GUATEMALA CITY — Alex Castillo knew growing up that he was a boy trapped in a girl’s body. It wasn’t until recently, 40 years after his birth, that the government of his native Guatemala — or at least some parts of it — agreed.
Castillo, who recounted the humiliation of being groped by border guards unable to square his masculine appearance with the female name on his identity card, has finally been able to legally change it. Life as a transgender person is still a daily battle, but today it’s a bit easier thanks to the state-sanctioned ID that matches his male identity.
“I had to change my name legally, for work reasons, because I handle money,” said Castillo, who has not undergone gender-reassignment surgery. “Going to the bank with my physical appearance and my [previous] identity document was always very traumatic.”
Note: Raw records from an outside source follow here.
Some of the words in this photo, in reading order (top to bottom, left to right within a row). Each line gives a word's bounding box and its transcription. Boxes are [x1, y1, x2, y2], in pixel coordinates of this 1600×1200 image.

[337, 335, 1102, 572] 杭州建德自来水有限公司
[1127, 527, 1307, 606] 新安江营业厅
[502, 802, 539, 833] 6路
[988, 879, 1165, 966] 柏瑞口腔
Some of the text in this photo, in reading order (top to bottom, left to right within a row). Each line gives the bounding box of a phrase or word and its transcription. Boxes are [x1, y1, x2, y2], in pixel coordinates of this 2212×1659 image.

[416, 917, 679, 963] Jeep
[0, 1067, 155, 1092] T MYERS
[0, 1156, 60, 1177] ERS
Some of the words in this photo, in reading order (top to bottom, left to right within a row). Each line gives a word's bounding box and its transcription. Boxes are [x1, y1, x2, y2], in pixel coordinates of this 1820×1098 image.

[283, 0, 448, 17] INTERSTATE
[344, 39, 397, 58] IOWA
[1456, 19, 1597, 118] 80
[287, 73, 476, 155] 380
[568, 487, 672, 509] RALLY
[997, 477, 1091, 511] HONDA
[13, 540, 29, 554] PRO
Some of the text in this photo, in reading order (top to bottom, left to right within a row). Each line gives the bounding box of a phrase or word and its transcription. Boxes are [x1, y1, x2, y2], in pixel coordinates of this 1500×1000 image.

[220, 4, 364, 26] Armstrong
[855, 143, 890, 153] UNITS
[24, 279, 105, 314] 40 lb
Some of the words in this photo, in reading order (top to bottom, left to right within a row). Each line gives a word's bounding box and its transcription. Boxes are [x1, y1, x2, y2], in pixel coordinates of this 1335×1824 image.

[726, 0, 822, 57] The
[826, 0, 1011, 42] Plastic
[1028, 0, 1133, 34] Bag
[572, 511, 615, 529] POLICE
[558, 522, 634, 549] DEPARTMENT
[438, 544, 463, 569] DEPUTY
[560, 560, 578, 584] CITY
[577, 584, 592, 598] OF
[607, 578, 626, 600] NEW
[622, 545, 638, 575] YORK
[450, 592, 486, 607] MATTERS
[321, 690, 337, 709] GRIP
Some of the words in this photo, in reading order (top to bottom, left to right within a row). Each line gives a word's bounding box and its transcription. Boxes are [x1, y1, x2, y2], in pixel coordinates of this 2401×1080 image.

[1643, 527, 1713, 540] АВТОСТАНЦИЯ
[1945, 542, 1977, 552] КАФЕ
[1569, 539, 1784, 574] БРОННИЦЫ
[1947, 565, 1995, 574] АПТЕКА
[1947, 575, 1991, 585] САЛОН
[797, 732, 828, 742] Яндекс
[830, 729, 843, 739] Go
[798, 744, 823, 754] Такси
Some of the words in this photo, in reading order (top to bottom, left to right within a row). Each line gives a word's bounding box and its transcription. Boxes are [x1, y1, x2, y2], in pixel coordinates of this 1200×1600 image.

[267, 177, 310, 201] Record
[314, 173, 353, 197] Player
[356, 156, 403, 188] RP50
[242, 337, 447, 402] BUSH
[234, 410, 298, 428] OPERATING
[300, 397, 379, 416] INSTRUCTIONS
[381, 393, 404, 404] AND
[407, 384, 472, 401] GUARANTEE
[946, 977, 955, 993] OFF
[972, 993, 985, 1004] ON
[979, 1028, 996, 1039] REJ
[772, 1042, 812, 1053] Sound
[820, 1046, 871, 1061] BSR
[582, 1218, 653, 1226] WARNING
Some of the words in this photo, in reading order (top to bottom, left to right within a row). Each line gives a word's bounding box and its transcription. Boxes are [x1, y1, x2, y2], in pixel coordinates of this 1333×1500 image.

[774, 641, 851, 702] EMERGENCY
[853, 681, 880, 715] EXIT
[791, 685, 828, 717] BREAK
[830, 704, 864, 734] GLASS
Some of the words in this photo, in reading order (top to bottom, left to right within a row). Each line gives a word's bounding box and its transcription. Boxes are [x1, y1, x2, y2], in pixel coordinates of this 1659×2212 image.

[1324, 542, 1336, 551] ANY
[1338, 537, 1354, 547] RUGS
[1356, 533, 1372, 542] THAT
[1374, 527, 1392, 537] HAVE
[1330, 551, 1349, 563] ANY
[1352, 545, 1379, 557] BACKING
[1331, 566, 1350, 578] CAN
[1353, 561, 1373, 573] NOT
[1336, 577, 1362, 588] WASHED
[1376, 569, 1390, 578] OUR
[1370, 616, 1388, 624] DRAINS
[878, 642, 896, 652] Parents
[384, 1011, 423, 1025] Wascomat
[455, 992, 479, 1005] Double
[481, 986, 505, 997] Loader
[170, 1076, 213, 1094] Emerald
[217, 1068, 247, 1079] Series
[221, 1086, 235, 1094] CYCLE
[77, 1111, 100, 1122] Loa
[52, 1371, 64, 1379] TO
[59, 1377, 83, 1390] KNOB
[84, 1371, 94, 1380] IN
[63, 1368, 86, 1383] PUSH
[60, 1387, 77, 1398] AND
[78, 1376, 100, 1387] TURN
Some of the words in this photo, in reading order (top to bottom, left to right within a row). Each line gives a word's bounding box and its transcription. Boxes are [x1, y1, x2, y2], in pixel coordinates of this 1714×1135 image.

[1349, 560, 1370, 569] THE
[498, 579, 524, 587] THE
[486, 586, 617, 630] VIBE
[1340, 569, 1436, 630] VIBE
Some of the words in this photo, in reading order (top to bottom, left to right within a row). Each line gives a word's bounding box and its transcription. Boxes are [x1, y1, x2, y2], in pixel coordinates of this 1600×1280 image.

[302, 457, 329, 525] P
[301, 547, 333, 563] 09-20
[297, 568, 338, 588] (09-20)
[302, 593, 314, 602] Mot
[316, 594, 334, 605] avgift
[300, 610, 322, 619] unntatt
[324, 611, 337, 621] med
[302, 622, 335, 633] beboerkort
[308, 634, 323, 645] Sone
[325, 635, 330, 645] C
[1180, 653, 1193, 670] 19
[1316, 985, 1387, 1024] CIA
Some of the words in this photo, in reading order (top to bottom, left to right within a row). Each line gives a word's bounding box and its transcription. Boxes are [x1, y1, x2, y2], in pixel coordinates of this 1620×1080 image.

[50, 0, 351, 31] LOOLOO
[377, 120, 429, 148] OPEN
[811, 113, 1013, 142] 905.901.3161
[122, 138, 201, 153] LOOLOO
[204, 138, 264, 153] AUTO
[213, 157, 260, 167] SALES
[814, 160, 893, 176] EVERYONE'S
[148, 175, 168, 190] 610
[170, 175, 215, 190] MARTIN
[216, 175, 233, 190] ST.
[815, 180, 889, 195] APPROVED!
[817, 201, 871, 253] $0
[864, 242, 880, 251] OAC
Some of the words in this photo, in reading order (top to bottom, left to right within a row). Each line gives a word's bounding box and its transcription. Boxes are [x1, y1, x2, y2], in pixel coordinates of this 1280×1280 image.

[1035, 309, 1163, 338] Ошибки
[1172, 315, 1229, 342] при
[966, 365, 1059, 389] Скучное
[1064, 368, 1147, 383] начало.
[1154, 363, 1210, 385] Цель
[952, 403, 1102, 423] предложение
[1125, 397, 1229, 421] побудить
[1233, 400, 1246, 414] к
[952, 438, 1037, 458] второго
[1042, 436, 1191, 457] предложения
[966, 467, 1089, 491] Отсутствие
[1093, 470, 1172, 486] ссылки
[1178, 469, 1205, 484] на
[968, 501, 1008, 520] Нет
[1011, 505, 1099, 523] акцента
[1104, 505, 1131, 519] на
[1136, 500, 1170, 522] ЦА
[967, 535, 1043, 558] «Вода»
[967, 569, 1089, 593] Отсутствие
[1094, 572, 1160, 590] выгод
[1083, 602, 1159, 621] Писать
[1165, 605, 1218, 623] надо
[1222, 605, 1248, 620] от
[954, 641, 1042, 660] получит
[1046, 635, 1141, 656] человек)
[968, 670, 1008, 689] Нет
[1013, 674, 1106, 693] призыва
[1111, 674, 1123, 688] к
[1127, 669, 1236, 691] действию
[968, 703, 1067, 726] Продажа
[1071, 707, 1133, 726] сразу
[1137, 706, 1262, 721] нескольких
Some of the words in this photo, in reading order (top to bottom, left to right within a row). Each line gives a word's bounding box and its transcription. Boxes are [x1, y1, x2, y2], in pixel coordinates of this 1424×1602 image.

Both government and society have long had little tolerance for sexual diversity in this Central American nation. But Guatemala’s LGBTQ community has quietly been winning small battles for acceptance. They may seem small compared with other nations, but were virtually unthinkable here until very recently.
In the last year, the prosecutor’s office has updated its computer systems to include a box where people can choose their gender identity, in particular to help identify and track hate crimes. Carlos Romero, director of the LGBTQ umbrella group Redmas, said the institution now recognizes not only people’s birth names but also social names by which they identify.
Meanwhile, the National Population Registry has also modified its policies to acknowledge transgender identities and trained workers to receive people — and to do so respectfully — regardless of whether their appearance corresponds to the gender listed on their birth certificates.
“We have stories of people who were forced to take off their makeup, to hide their hair, so that they had the image that a bureaucrat thought they should have,” Romero said. “Before, they made me take off my earrings because they weren’t masculine.”
The changes took place quietly beginning in 2014, when the Human Rights Prosecutor’s Office set up a Sexual Diversity Defense branch, the country’s first official entity dedicated to protecting the rights of lesbian, gay, bisexual, trans and queer people. Activists say the reforms were the result of grass-roots lobbying aimed at specific institutions instead of trying to push laws in Congress. Groups are also holding sensitivity training sessions with police officers.
But with no official announcements or media attention, the gains were almost entirely unknown until some people began talking about them in recent months. Most Guatemalans are unaware, and there has been no pushback so far from the Roman Catholic Church or other conservative sectors.
They have been mirrored by other steps toward broader LGBTQ acceptance: In January, Sandra Moran became the first openly gay person to take a seat in Congress. Her agenda includes sexual diversity measures, human rights and women’s and children’s issues.
Romero said a next step will be to seek a law protecting sexual orientation and gender identity covering education, work and security.
Activists in equally conservative neighboring countries are looking at what’s happened here as a model.
“The battles that the LGBTQ community has won in Guatemala are pretty significant achievements and could be an example for other nations in Central America,” said Carlos Valdez, president of a network that pushes for gay acceptance in the region.
He noted that Honduras and El Salvador do not have protections such as those won in Guatemala. Groups in the two countries are lobbying for a gender identity law, however.
“Guatemala has advanced quite a bit,” said Gabri Mass, a Honduran activist. “Comparing their achievements, we could say that Guatemala has made a 100 percent advance and Honduras just 45 percent. In Honduras there is a lot of intolerance for sexual diversity.”
El Salvador’s Labor Ministry has assigned staffers to help LGBTQ people find work, although there has been no sign of institutions moving to specifically change policies on gender identity.
LGBTQ communities have won significant gains in some other parts of Latin America and the Caribbean in recent years, although activists say discrimination persists.
Argentina became the first country in the region to legalize gay marriage, in 2010, also conferring adoption rights on same-sex couples. Uruguay and Brazil followed suit in 2013. It’s also legal in several states in Mexico, where a 2015 ruling also made it easier for gay and lesbian couples to marry nationwide even without specific laws in many places.
Bolivia passed a bill in May letting people change their names and gender on IDs despite opposition from the Catholic Church. Cuba’s free health care system now covers gender-reassignment surgery. And Chile approved a law last year guaranteeing civil unions for both gay and straight couples.
Guatemala still has a ways to go to catch up to those countries. The Inter-American Commission on Human Rights recently noted the advances in institutional recognition of transgender people there, but also warned of ongoing, serious “violence and discriminations against lesbian, gay, bisexual and trans people.”
For Castillo, the administrative and financial director for the Lambda Association rights group, the toughest thing is the rejection he feels from his two children from a previous marriage and from other family members.
“If your own people who are your blood don’t accept you,” Castillo said, “what can you expect from someone who doesn’t have the least amount of empathy?”